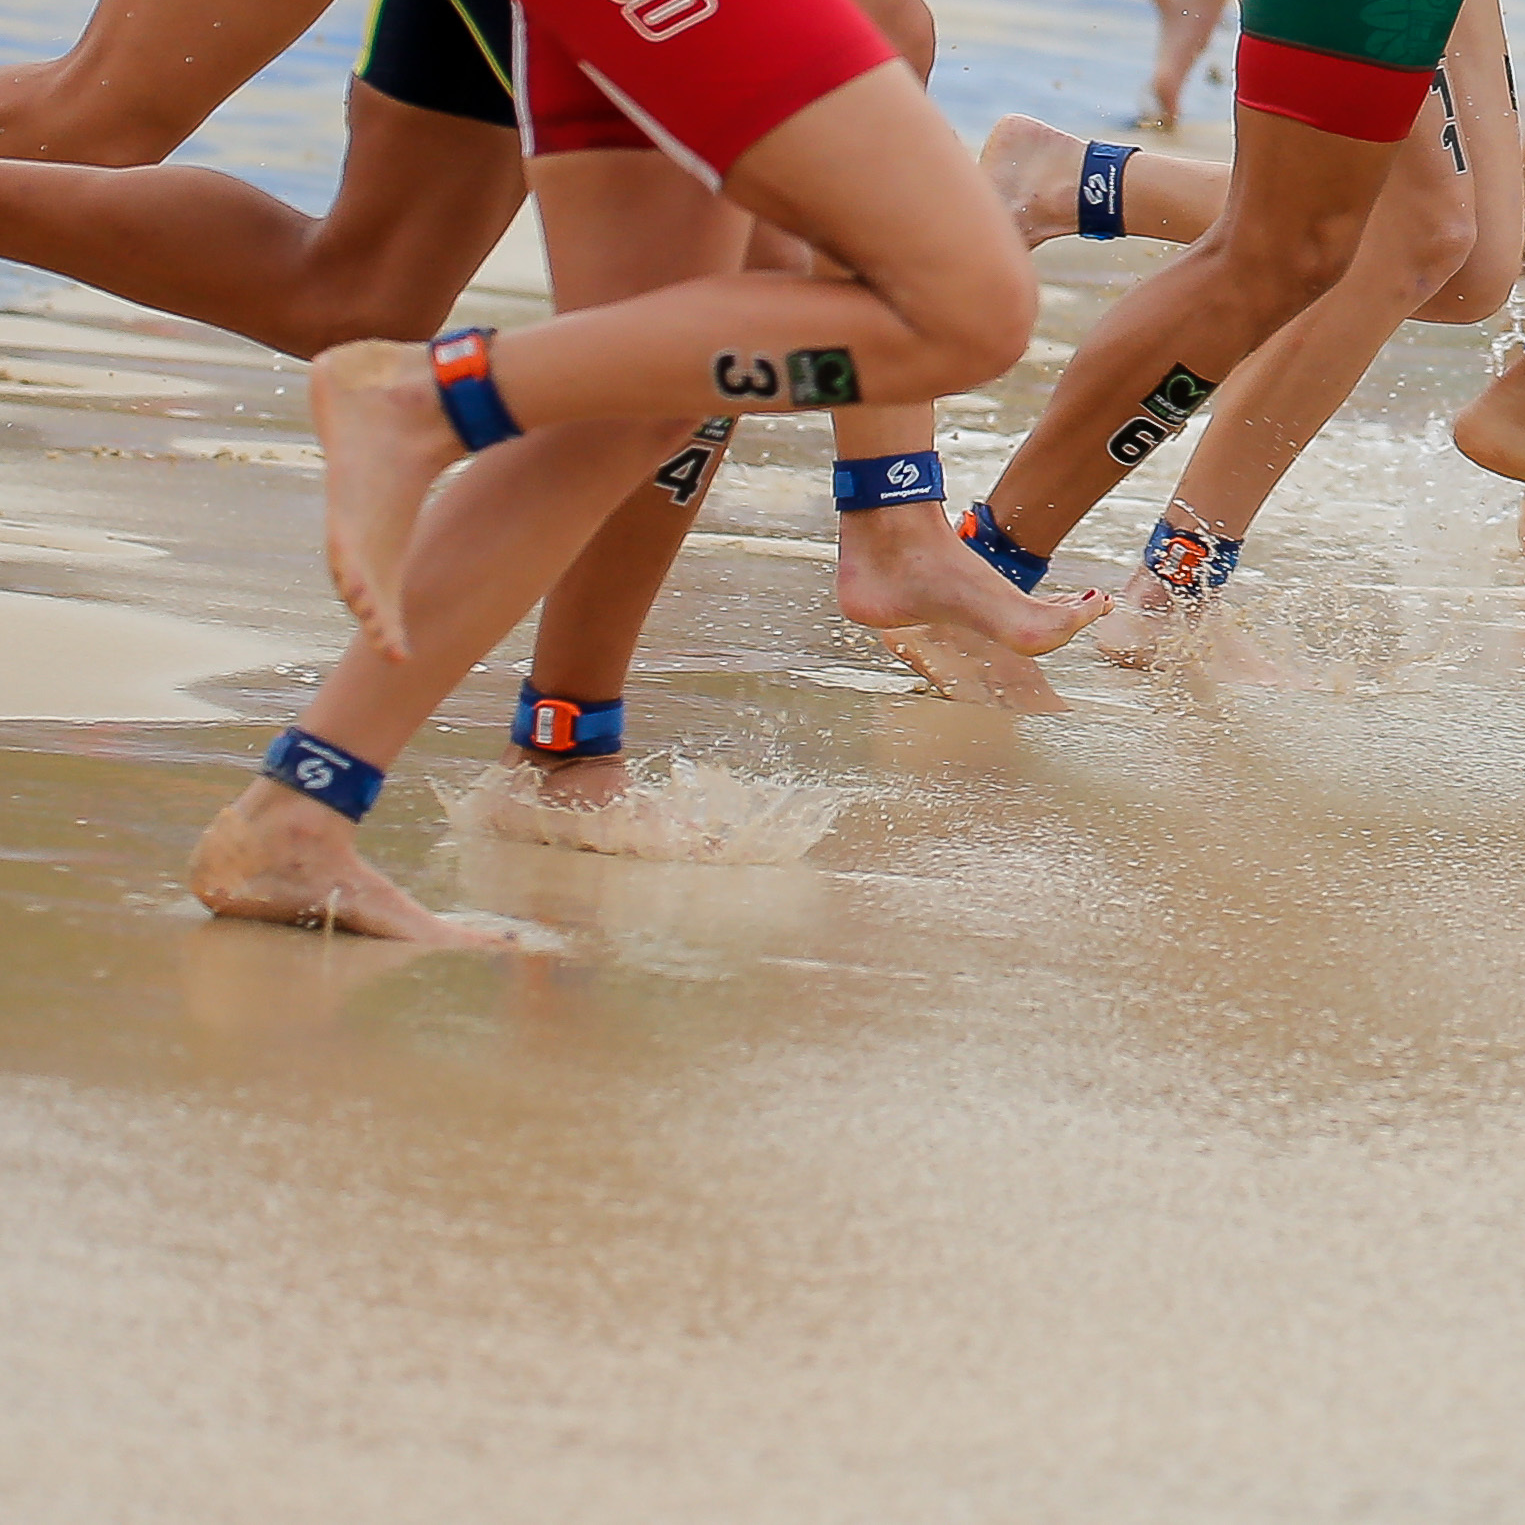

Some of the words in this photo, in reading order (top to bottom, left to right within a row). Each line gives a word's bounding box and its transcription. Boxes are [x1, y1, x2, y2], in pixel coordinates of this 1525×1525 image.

[711, 348, 781, 402] 3
[1106, 415, 1169, 467] 6
[653, 443, 715, 507] 4
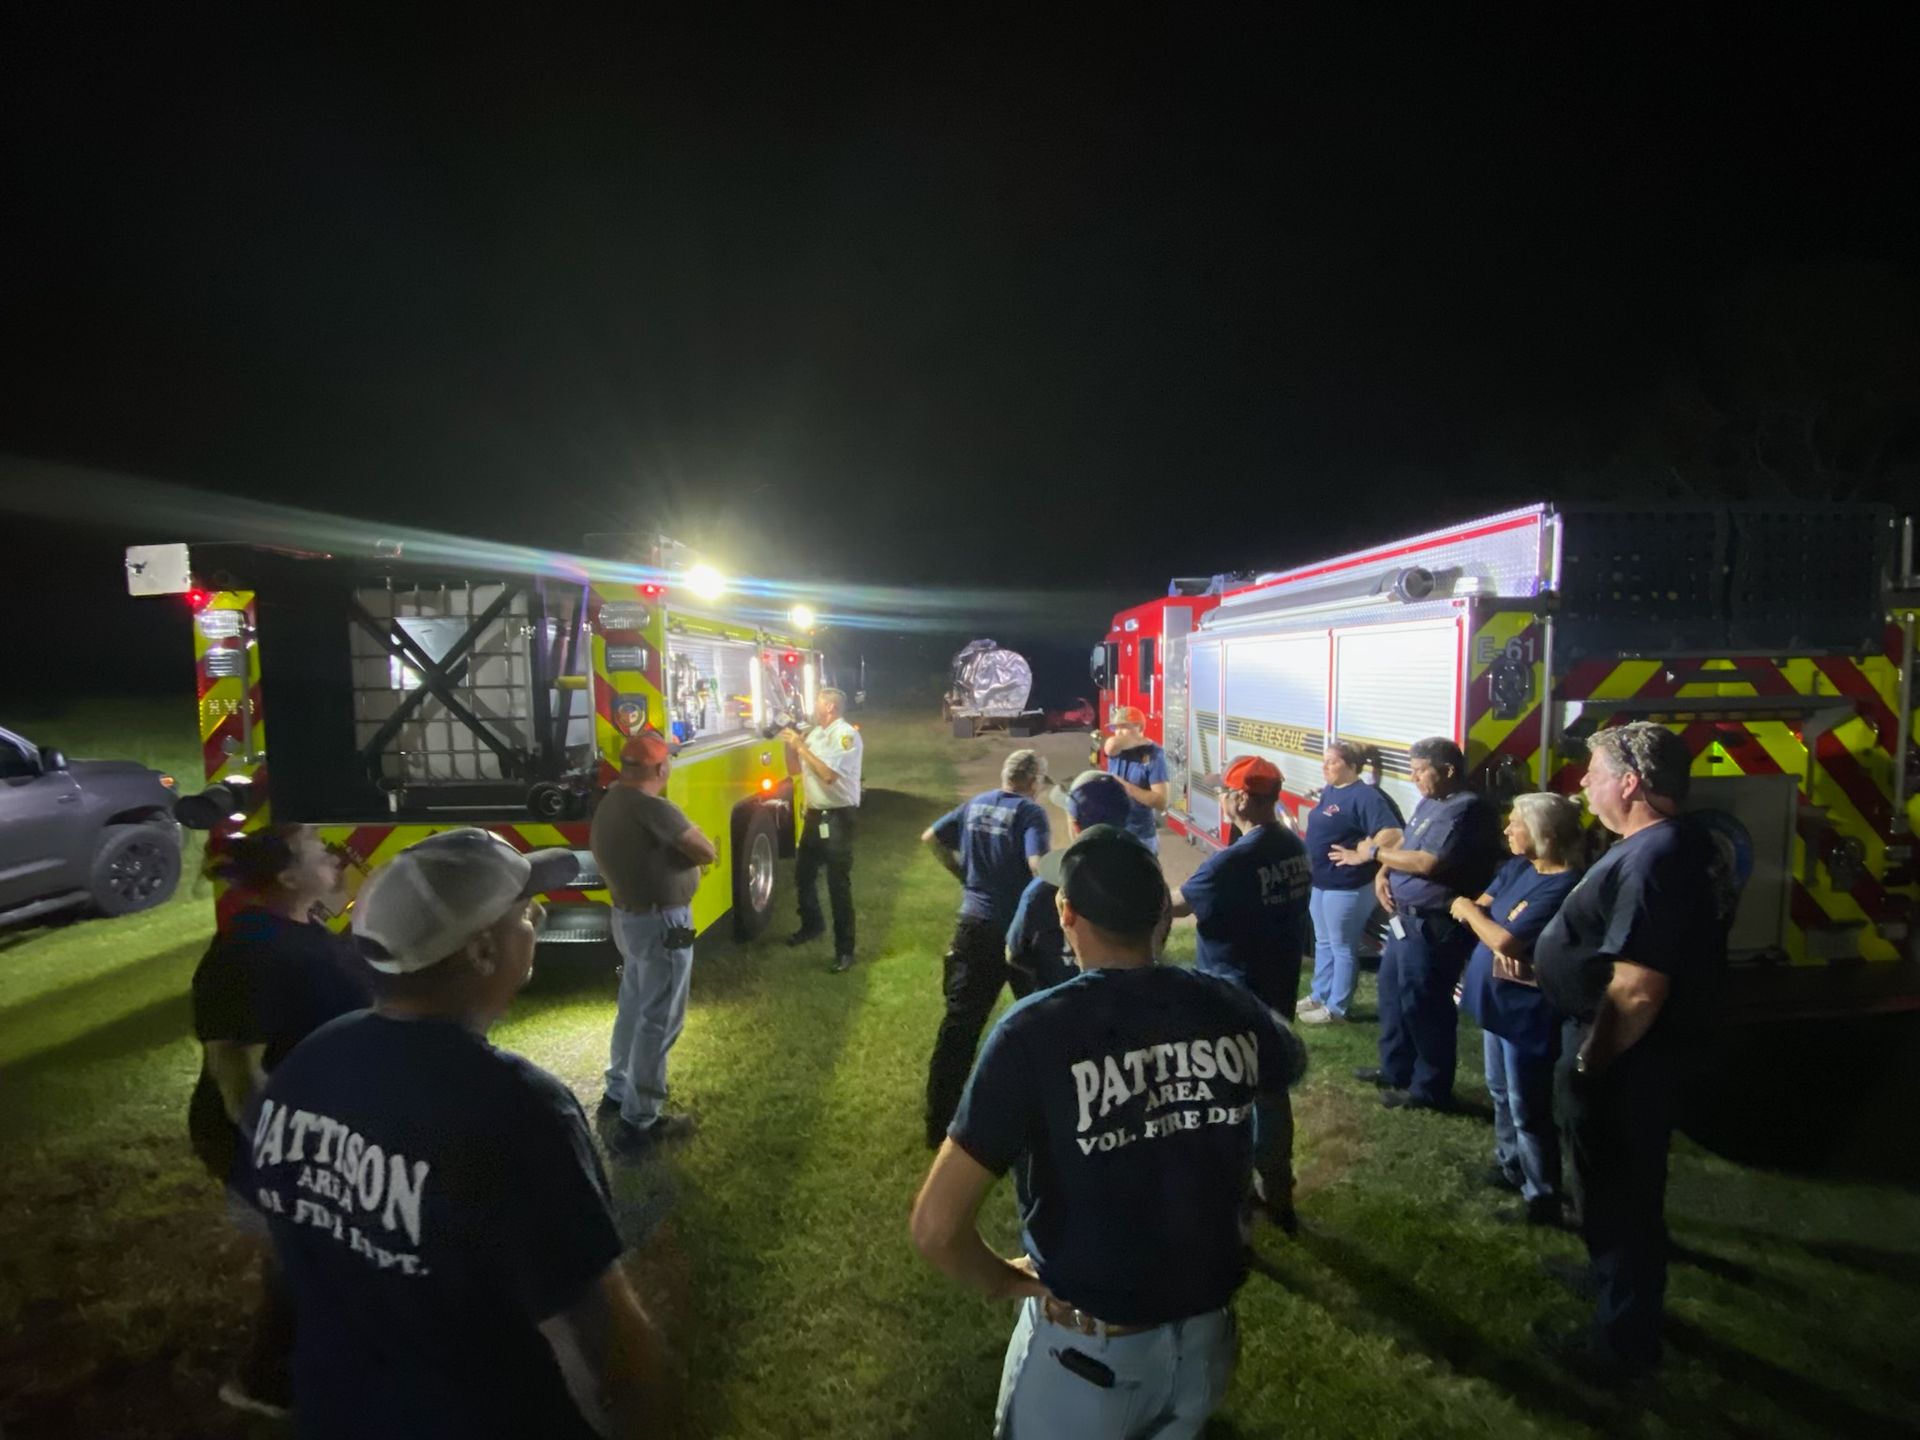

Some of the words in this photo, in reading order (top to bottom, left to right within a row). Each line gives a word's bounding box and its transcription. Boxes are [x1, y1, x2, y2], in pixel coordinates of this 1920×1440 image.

[1477, 636, 1535, 664] E-61
[1239, 722, 1260, 741] FIRE
[1262, 726, 1305, 752] RESCUE
[1071, 1031, 1259, 1132] PATTISON
[1145, 1080, 1214, 1112] AREA
[1076, 1127, 1137, 1156] VOL.
[1143, 1110, 1201, 1138] FIRE
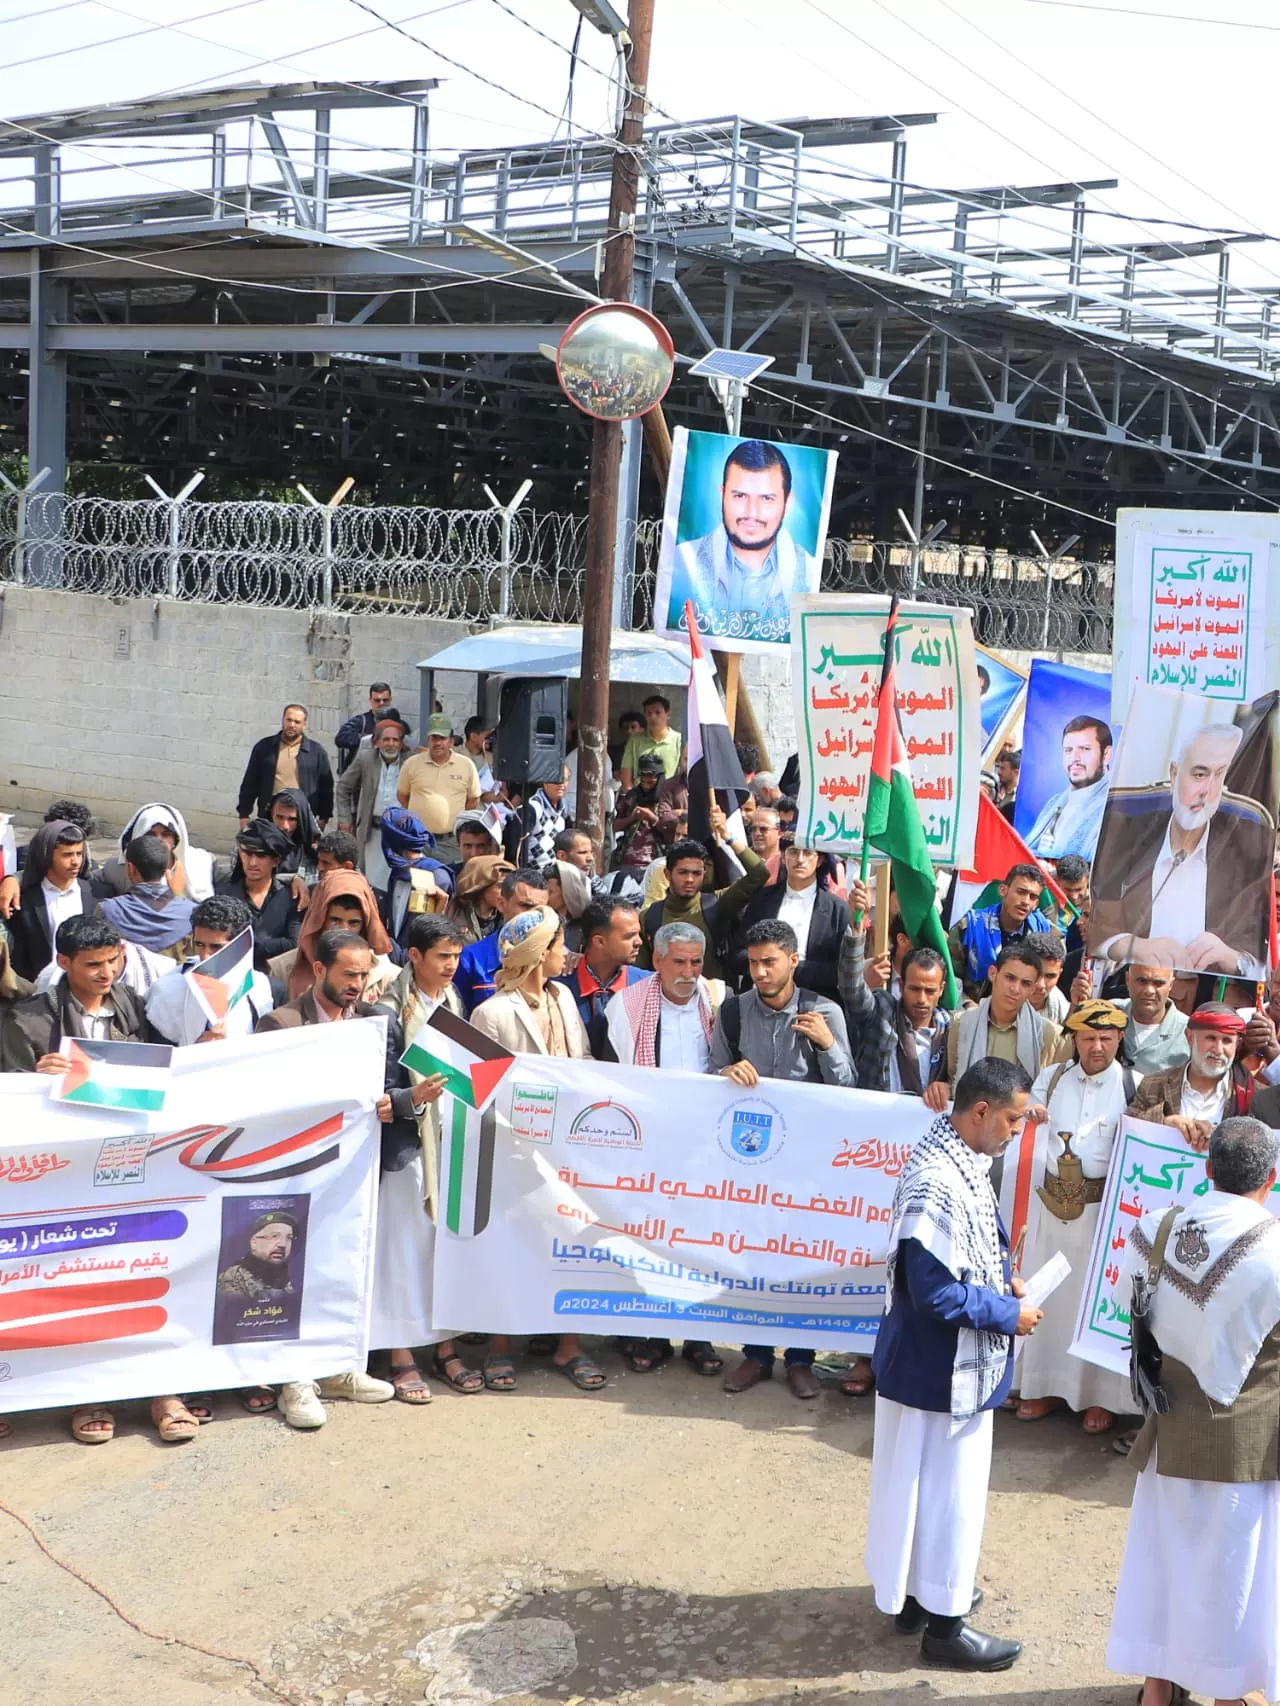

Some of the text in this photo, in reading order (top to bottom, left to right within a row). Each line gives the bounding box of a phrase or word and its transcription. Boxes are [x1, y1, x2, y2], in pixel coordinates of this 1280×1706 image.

[1156, 554, 1246, 587] الله أكبر
[1155, 587, 1245, 611] الموت لأمريكا
[1154, 614, 1244, 637] الموت لإسرائيل
[911, 625, 953, 668] الله
[1152, 641, 1243, 662] اللعنة على اليهود
[1151, 661, 1242, 692] النصر للإسلام
[817, 726, 954, 760] المو سرائيل
[818, 774, 867, 802] اليهود
[921, 814, 952, 846] الن
[1123, 1154, 1195, 1194] أكبر
[557, 1166, 893, 1223] وم الغضب العالمي لنصرة
[31, 1225, 77, 1250] شعار
[81, 1221, 118, 1240] تحت
[556, 1202, 887, 1268] زة والتضامن مع الأسرى
[0, 1252, 169, 1286] يقيم مستشفى الأمرا
[552, 1237, 684, 1279] للتكنولوجيا
[687, 1267, 765, 1292] الدولية
[840, 1282, 887, 1297] معة
[242, 1305, 283, 1319] فؤاد شكر
[612, 1296, 672, 1314] أغسطس
[688, 1304, 728, 1319] السبت

===

In your copy, exclude the pictures and repeat each entry above exactly.

Some of the words in this photo, in reading order (top to bottom, left to right within a row). Each line gives a word's bounding box and its transcription. Boxes are [x1, y1, x2, y2], in pixel coordinates of this 1525×1525 image.

[711, 348, 781, 402] 3
[1106, 415, 1169, 467] 6
[653, 443, 715, 507] 4

Some of the words in this photo, in reading order (top to bottom, left to right within a row). Each line gives a word's bounding box and its transcription. Boxes are [x1, y1, x2, y2], in pixel coordinates of this 1920×1440 image.

[1477, 636, 1535, 664] E-61
[1239, 722, 1260, 741] FIRE
[1262, 726, 1305, 752] RESCUE
[1071, 1031, 1259, 1132] PATTISON
[1145, 1080, 1214, 1112] AREA
[1076, 1127, 1137, 1156] VOL.
[1143, 1110, 1201, 1138] FIRE

Some of the text in this photo, in reading order (top to bottom, left to right within a row). Each line gives the bounding box of a phrase or word and its transcription. Boxes are [x1, y1, x2, y2], in pixel coordinates of this 1280×1706 image.

[1156, 554, 1246, 587] الله أكبر
[1155, 587, 1245, 611] الموت لأمريكا
[1154, 614, 1244, 637] الموت لإسرائيل
[911, 625, 953, 668] الله
[1152, 641, 1243, 662] اللعنة على اليهود
[1151, 661, 1242, 692] النصر للإسلام
[817, 726, 954, 760] المو سرائيل
[818, 774, 867, 802] اليهود
[921, 814, 952, 846] الن
[1123, 1154, 1195, 1194] أكبر
[557, 1166, 893, 1223] وم الغضب العالمي لنصرة
[31, 1225, 77, 1250] شعار
[81, 1221, 118, 1240] تحت
[556, 1202, 887, 1268] زة والتضامن مع الأسرى
[0, 1252, 169, 1286] يقيم مستشفى الأمرا
[552, 1237, 684, 1279] للتكنولوجيا
[687, 1267, 765, 1292] الدولية
[840, 1282, 887, 1297] معة
[242, 1305, 283, 1319] فؤاد شكر
[612, 1296, 672, 1314] أغسطس
[688, 1304, 728, 1319] السبت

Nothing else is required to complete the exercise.